Ещё более примечательно ограничение сверху, показанное штрих-пунктирной линией. Оно получено без использования детальных предположений о конкретных источниках нейтрино, лишь бы они были внегалактическими и связаны с π-мезонами. Равномерный поток нейтрино от распадов π± сопровождается аналогичным потоком фотонов от распадов π0, как описано выше. Нейтрино прилетают без поглощения со всей Вселенной, однако длина свободного пробега фотона с энергией около 100 ТэВ — порядка размера галактики: фотоны таких высоких энергий взаимодействуют с фотонами реликтового излучения, рождая электрон-позитронные пары. Таким образом, фотоны с энергией около 100 ТэВ от внегалактических источников до нас просто не долетают, однако энергия их передаётся электронам и позитронам. Релятивистские электроны и позитроны взаимодействуют с тем же фоновым излучением, отдавая свою энергию фотонам (обратный эффект Комптона). Получившиеся фотоны, каждый из которых имеет энергию уже несколько меньшую, чем исходный, вновь рождают электрон-позитронные пары, и продолжается электромагнитный каскад (рис. 14). После каждого цикла энергия исходного фотона перераспределяется между фотонами вторичными, так что средняя энергия фотонов в каскаде падает, хотя суммарная сохраняется. Так продолжается до тех пор, пока средняя энергия фотонов не упадёт до нескольких десятков ГэВ, после чего они продолжат движение через Вселенную беспрепятственно. Так вся энергия внегалактического диффузного гамма-излучения с энергиями фотонов выше 100 ТэВ, сопровождающего нейтрино IceCube, «перекачивается» в диапазон ~10 ГэВ.

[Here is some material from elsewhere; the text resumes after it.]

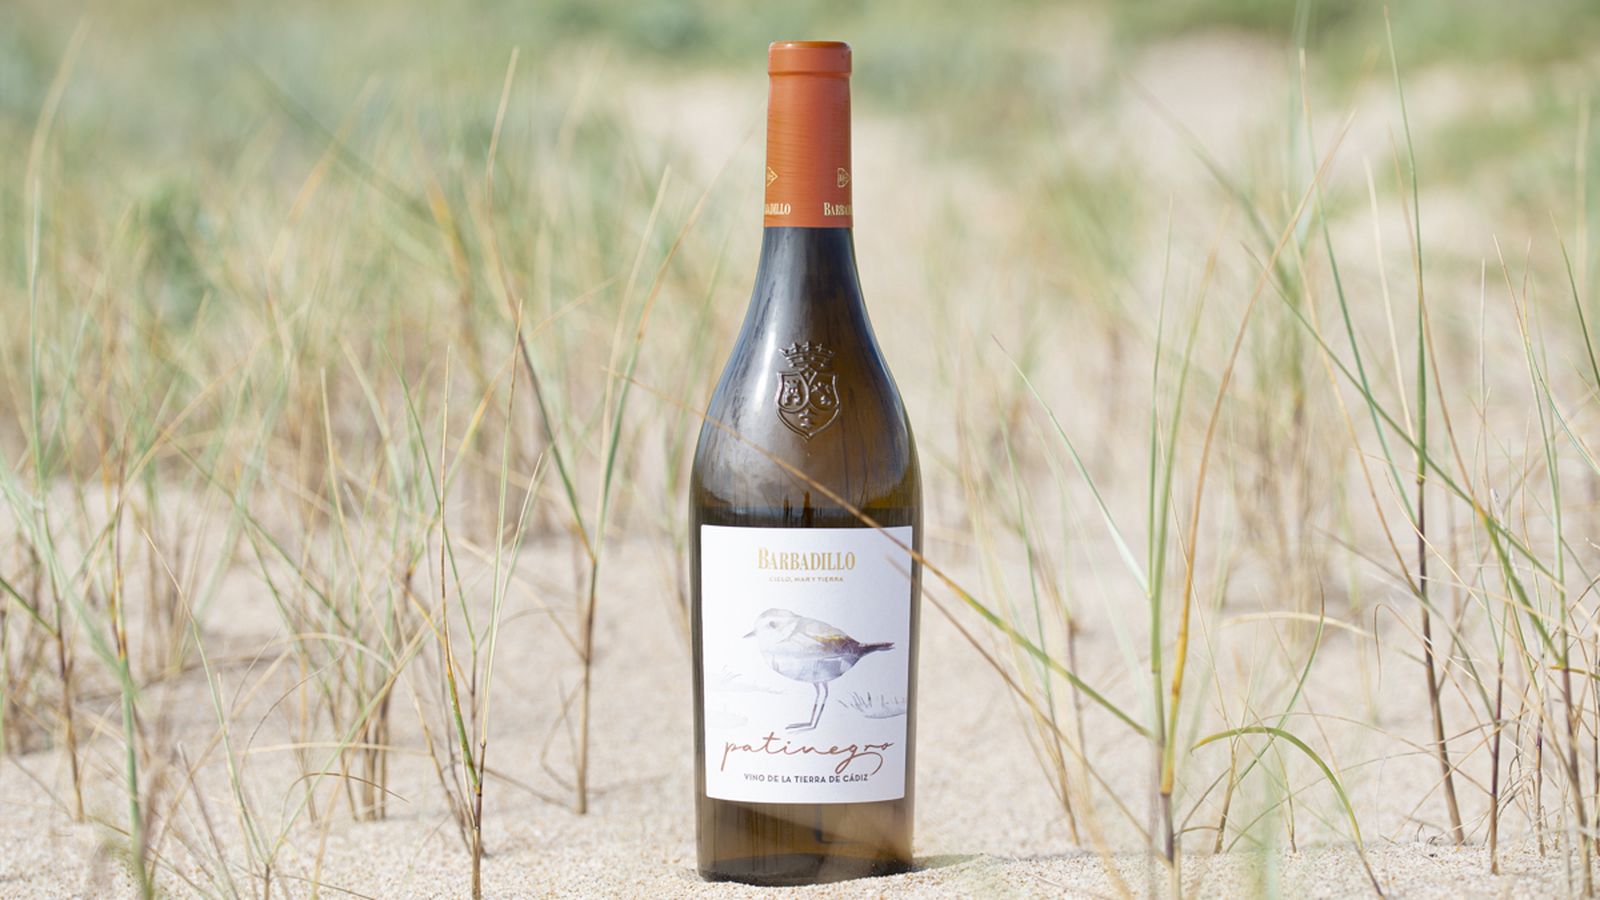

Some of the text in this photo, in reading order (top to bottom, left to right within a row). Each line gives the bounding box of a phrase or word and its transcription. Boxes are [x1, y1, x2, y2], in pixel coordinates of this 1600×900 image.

Рис. 14. Схема развития электромагнитного каскада

Рис. 14. Схема развития электромагнитного каскада

Поток изотропного гамма-излучения в этом диапазоне измерен инструментом LAT на борту спутника Fermi, так что поток, полученный каскадированием сопутствующих фотонов от источников нейтрино, никак не может превышать эти измерения. Соответствующее ограничение сверху на однозначно связанный с потоком фотонов поток нейтрино и показано на рис. 13 штрих-пунктирной линией. Вновь замечаем, что потоки нейтрино, обнаруженные IceCube, находятся на уровне ограничений сверху, то есть самых высоких теоретических ожиданий. Разумеется, конкретные количественные ограничения зависят от деталей модели, но качественно картина указывает на то, что наблюдаемые потоки частиц в трёх каналах — космических лучей, нейтрино и фотонов, — согласованы друг с другом, то есть взаимодействия протонов играют важную роль в происхождении не только нейтрино, но и гамма-излучения высоких энергий. Последний факт является неожиданным, так как, в отличие от нейтрино, родить гамма-кванты можно и во многих других, в том числе более простых и распространённых при меньших энергиях процессах: например, с помощью уже упомянутого эффекта Комптона в облаке релятивистских электронов. До наблюдения IceCube именно с релятивистскими электронами связывали, как правило, происхождение основной части астрофизического гамма-излучения высоких энергий.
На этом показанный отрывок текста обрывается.